** DATA LISTING **
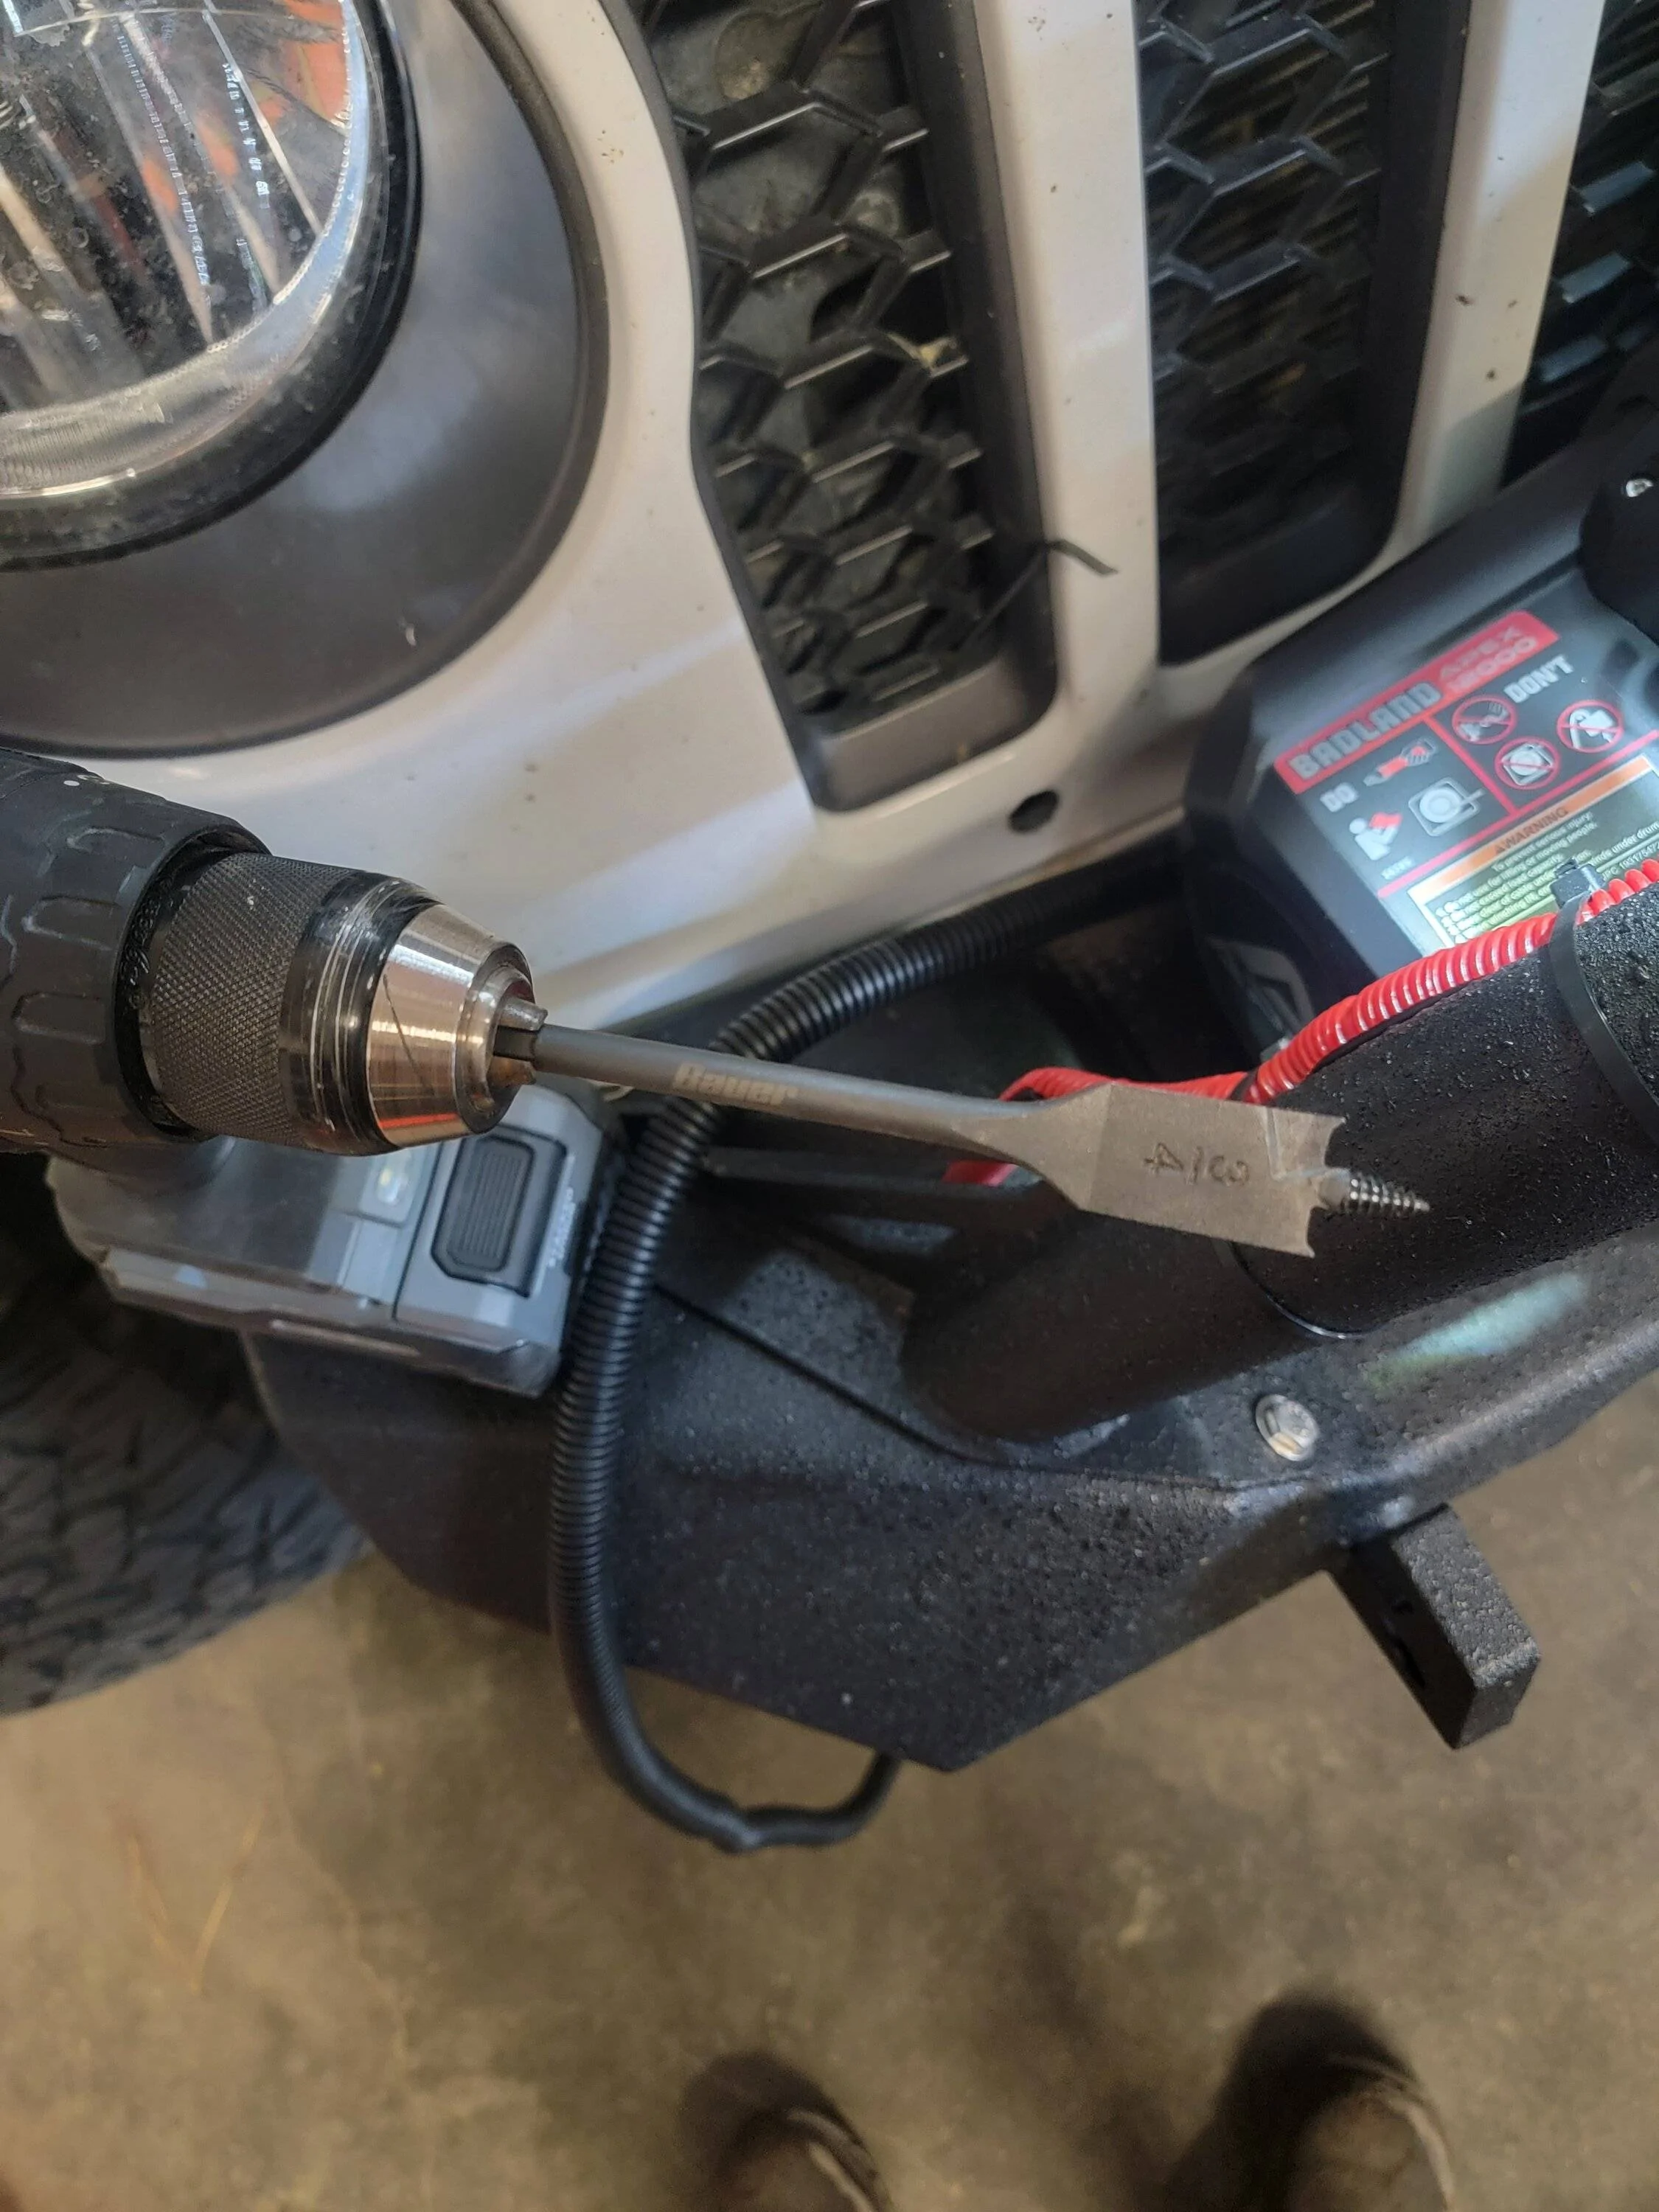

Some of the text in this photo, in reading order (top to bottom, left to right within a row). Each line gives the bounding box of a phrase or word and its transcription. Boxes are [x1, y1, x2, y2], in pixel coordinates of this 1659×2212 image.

[1504, 654, 1573, 703] DON'T
[1288, 682, 1441, 779] BADLAND
[1320, 782, 1358, 812] DO
[1502, 804, 1569, 849] WARNING
[1610, 833, 1639, 855] under
[1503, 843, 1537, 868] prevent
[672, 1061, 800, 1106] Bauer

** INSTRUCTIONS TO FOLLOW **
The copy you give must repeat each record character for character, but it must not include the pictures.

** SOLUTION TO THIS TASK **
Some of the text in this photo, in reading order (top to bottom, left to right within a row). Each line gives the bounding box of a phrase or word and its transcription. Boxes are [x1, y1, x2, y2], in pixel coordinates of this 1659×2212 image.

[1504, 654, 1573, 703] DON'T
[1288, 682, 1441, 779] BADLAND
[1320, 782, 1358, 812] DO
[1502, 804, 1569, 849] WARNING
[1610, 833, 1639, 855] under
[1503, 843, 1537, 868] prevent
[672, 1061, 800, 1106] Bauer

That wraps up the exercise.